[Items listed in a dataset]
_ _ _

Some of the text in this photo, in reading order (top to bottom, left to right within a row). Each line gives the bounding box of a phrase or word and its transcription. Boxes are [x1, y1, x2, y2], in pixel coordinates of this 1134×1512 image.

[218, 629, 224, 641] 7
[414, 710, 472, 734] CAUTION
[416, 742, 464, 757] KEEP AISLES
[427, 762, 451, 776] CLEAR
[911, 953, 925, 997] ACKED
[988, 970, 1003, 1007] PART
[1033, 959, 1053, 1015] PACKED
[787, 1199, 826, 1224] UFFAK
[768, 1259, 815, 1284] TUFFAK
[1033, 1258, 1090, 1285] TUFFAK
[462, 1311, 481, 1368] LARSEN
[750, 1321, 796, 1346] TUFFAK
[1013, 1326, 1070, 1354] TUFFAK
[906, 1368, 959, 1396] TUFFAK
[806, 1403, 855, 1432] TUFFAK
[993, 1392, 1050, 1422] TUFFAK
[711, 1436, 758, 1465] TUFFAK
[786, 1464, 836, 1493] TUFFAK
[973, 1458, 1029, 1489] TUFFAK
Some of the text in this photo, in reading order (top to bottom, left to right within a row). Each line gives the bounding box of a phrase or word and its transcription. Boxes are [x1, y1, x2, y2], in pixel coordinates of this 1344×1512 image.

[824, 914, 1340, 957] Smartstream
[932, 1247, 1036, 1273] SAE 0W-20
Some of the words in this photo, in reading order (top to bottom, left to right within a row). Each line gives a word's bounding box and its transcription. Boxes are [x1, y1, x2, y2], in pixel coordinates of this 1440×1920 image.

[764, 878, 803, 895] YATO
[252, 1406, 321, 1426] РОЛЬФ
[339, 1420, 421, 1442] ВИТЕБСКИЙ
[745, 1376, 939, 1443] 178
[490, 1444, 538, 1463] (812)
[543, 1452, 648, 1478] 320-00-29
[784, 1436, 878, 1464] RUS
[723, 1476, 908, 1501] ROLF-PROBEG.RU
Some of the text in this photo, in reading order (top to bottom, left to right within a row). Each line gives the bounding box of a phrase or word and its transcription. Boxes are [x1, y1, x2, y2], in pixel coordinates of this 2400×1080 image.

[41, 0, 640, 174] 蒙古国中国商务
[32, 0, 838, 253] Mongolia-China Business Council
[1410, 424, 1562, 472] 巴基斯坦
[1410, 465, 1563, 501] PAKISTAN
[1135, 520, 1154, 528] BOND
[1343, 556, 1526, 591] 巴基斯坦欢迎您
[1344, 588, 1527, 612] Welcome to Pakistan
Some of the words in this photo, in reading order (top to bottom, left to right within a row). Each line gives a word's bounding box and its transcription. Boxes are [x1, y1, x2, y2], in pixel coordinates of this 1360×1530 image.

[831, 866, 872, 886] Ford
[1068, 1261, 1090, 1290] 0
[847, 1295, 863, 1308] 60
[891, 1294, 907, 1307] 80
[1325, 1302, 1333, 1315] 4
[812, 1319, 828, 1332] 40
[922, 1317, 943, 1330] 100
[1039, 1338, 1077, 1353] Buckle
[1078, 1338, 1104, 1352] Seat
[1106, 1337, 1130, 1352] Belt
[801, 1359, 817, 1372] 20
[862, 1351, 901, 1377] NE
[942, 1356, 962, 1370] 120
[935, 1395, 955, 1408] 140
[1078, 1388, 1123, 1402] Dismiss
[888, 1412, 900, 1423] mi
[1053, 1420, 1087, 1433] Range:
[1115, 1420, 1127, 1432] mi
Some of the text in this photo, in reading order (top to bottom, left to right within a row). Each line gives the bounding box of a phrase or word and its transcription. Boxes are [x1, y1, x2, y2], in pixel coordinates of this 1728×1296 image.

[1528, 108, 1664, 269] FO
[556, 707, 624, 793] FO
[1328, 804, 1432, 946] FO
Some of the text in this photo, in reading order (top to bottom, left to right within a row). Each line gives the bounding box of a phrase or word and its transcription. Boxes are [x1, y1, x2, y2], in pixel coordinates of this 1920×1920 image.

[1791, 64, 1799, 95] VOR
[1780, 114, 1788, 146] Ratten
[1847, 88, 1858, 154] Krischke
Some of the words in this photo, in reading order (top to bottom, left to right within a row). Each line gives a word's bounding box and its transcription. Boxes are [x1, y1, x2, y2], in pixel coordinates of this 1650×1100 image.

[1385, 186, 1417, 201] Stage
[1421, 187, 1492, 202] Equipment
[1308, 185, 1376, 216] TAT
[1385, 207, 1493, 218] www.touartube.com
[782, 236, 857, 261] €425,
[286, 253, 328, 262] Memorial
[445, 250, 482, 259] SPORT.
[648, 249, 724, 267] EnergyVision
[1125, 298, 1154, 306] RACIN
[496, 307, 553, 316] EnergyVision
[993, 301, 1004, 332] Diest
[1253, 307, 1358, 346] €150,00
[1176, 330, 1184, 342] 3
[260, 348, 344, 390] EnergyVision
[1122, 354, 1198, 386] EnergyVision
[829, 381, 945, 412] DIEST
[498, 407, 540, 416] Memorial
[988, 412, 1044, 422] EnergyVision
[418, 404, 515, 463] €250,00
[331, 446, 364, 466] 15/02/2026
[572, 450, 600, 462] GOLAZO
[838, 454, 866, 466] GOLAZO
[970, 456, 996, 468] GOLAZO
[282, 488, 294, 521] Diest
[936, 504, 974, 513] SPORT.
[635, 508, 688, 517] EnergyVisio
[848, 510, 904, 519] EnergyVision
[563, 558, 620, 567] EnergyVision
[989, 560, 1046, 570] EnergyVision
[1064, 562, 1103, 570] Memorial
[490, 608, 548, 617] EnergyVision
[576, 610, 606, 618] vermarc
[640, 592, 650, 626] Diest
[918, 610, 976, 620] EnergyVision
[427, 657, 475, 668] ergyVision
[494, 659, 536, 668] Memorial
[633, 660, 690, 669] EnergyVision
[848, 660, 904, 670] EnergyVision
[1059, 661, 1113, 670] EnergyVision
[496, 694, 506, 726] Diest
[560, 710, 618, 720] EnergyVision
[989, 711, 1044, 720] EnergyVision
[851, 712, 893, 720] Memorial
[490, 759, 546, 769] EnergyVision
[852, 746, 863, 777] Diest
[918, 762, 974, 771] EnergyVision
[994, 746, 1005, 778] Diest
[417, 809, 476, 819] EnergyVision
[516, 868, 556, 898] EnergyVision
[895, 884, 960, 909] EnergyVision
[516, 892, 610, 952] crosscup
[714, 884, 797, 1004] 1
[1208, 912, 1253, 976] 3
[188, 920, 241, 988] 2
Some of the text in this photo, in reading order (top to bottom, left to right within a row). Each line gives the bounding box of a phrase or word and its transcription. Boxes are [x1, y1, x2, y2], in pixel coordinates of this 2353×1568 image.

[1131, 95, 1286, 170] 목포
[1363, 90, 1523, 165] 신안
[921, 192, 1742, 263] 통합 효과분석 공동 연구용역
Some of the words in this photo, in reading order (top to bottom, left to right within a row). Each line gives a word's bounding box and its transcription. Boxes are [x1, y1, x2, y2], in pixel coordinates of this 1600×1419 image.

_ _ _

Take the entries and print them exactly. Keep every line.

__SOLUTION TO THIS TASK__:
Some of the text in this photo, in reading order (top to bottom, left to right within a row). Each line gives the bounding box of a phrase or word and its transcription. Boxes are [x1, y1, x2, y2], in pixel coordinates of this 1134×1512 image.

[218, 629, 224, 641] 7
[414, 710, 472, 734] CAUTION
[416, 742, 464, 757] KEEP AISLES
[427, 762, 451, 776] CLEAR
[911, 953, 925, 997] ACKED
[988, 970, 1003, 1007] PART
[1033, 959, 1053, 1015] PACKED
[787, 1199, 826, 1224] UFFAK
[768, 1259, 815, 1284] TUFFAK
[1033, 1258, 1090, 1285] TUFFAK
[462, 1311, 481, 1368] LARSEN
[750, 1321, 796, 1346] TUFFAK
[1013, 1326, 1070, 1354] TUFFAK
[906, 1368, 959, 1396] TUFFAK
[806, 1403, 855, 1432] TUFFAK
[993, 1392, 1050, 1422] TUFFAK
[711, 1436, 758, 1465] TUFFAK
[786, 1464, 836, 1493] TUFFAK
[973, 1458, 1029, 1489] TUFFAK
Some of the text in this photo, in reading order (top to bottom, left to right within a row). Each line gives the bounding box of a phrase or word and its transcription. Boxes are [x1, y1, x2, y2], in pixel coordinates of this 1344×1512 image.

[824, 914, 1340, 957] Smartstream
[932, 1247, 1036, 1273] SAE 0W-20
Some of the words in this photo, in reading order (top to bottom, left to right within a row). Each line gives a word's bounding box and its transcription. Boxes are [x1, y1, x2, y2], in pixel coordinates of this 1440×1920 image.

[764, 878, 803, 895] YATO
[252, 1406, 321, 1426] РОЛЬФ
[339, 1420, 421, 1442] ВИТЕБСКИЙ
[745, 1376, 939, 1443] 178
[490, 1444, 538, 1463] (812)
[543, 1452, 648, 1478] 320-00-29
[784, 1436, 878, 1464] RUS
[723, 1476, 908, 1501] ROLF-PROBEG.RU
Some of the text in this photo, in reading order (top to bottom, left to right within a row). Each line gives the bounding box of a phrase or word and its transcription. Boxes are [x1, y1, x2, y2], in pixel coordinates of this 2400×1080 image.

[41, 0, 640, 174] 蒙古国中国商务
[32, 0, 838, 253] Mongolia-China Business Council
[1410, 424, 1562, 472] 巴基斯坦
[1410, 465, 1563, 501] PAKISTAN
[1135, 520, 1154, 528] BOND
[1343, 556, 1526, 591] 巴基斯坦欢迎您
[1344, 588, 1527, 612] Welcome to Pakistan
Some of the words in this photo, in reading order (top to bottom, left to right within a row). Each line gives a word's bounding box and its transcription. Boxes are [x1, y1, x2, y2], in pixel coordinates of this 1360×1530 image.

[831, 866, 872, 886] Ford
[1068, 1261, 1090, 1290] 0
[847, 1295, 863, 1308] 60
[891, 1294, 907, 1307] 80
[1325, 1302, 1333, 1315] 4
[812, 1319, 828, 1332] 40
[922, 1317, 943, 1330] 100
[1039, 1338, 1077, 1353] Buckle
[1078, 1338, 1104, 1352] Seat
[1106, 1337, 1130, 1352] Belt
[801, 1359, 817, 1372] 20
[862, 1351, 901, 1377] NE
[942, 1356, 962, 1370] 120
[935, 1395, 955, 1408] 140
[1078, 1388, 1123, 1402] Dismiss
[888, 1412, 900, 1423] mi
[1053, 1420, 1087, 1433] Range:
[1115, 1420, 1127, 1432] mi
Some of the text in this photo, in reading order (top to bottom, left to right within a row). Each line gives the bounding box of a phrase or word and its transcription. Boxes are [x1, y1, x2, y2], in pixel coordinates of this 1728×1296 image.

[1528, 108, 1664, 269] FO
[556, 707, 624, 793] FO
[1328, 804, 1432, 946] FO
Some of the text in this photo, in reading order (top to bottom, left to right within a row). Each line gives the bounding box of a phrase or word and its transcription. Boxes are [x1, y1, x2, y2], in pixel coordinates of this 1920×1920 image.

[1791, 64, 1799, 95] VOR
[1780, 114, 1788, 146] Ratten
[1847, 88, 1858, 154] Krischke
Some of the words in this photo, in reading order (top to bottom, left to right within a row). Each line gives a word's bounding box and its transcription. Boxes are [x1, y1, x2, y2], in pixel coordinates of this 1650×1100 image.

[1385, 186, 1417, 201] Stage
[1421, 187, 1492, 202] Equipment
[1308, 185, 1376, 216] TAT
[1385, 207, 1493, 218] www.touartube.com
[782, 236, 857, 261] €425,
[286, 253, 328, 262] Memorial
[445, 250, 482, 259] SPORT.
[648, 249, 724, 267] EnergyVision
[1125, 298, 1154, 306] RACIN
[496, 307, 553, 316] EnergyVision
[993, 301, 1004, 332] Diest
[1253, 307, 1358, 346] €150,00
[1176, 330, 1184, 342] 3
[260, 348, 344, 390] EnergyVision
[1122, 354, 1198, 386] EnergyVision
[829, 381, 945, 412] DIEST
[498, 407, 540, 416] Memorial
[988, 412, 1044, 422] EnergyVision
[418, 404, 515, 463] €250,00
[331, 446, 364, 466] 15/02/2026
[572, 450, 600, 462] GOLAZO
[838, 454, 866, 466] GOLAZO
[970, 456, 996, 468] GOLAZO
[282, 488, 294, 521] Diest
[936, 504, 974, 513] SPORT.
[635, 508, 688, 517] EnergyVisio
[848, 510, 904, 519] EnergyVision
[563, 558, 620, 567] EnergyVision
[989, 560, 1046, 570] EnergyVision
[1064, 562, 1103, 570] Memorial
[490, 608, 548, 617] EnergyVision
[576, 610, 606, 618] vermarc
[640, 592, 650, 626] Diest
[918, 610, 976, 620] EnergyVision
[427, 657, 475, 668] ergyVision
[494, 659, 536, 668] Memorial
[633, 660, 690, 669] EnergyVision
[848, 660, 904, 670] EnergyVision
[1059, 661, 1113, 670] EnergyVision
[496, 694, 506, 726] Diest
[560, 710, 618, 720] EnergyVision
[989, 711, 1044, 720] EnergyVision
[851, 712, 893, 720] Memorial
[490, 759, 546, 769] EnergyVision
[852, 746, 863, 777] Diest
[918, 762, 974, 771] EnergyVision
[994, 746, 1005, 778] Diest
[417, 809, 476, 819] EnergyVision
[516, 868, 556, 898] EnergyVision
[895, 884, 960, 909] EnergyVision
[516, 892, 610, 952] crosscup
[714, 884, 797, 1004] 1
[1208, 912, 1253, 976] 3
[188, 920, 241, 988] 2
Some of the text in this photo, in reading order (top to bottom, left to right within a row). Each line gives the bounding box of a phrase or word and its transcription. Boxes are [x1, y1, x2, y2], in pixel coordinates of this 2353×1568 image.

[1131, 95, 1286, 170] 목포
[1363, 90, 1523, 165] 신안
[921, 192, 1742, 263] 통합 효과분석 공동 연구용역
Some of the words in this photo, in reading order (top to bottom, left to right within a row). Each line gives a word's bounding box and its transcription. Boxes are [x1, y1, x2, y2], in pixel coordinates of this 1600×1419 image.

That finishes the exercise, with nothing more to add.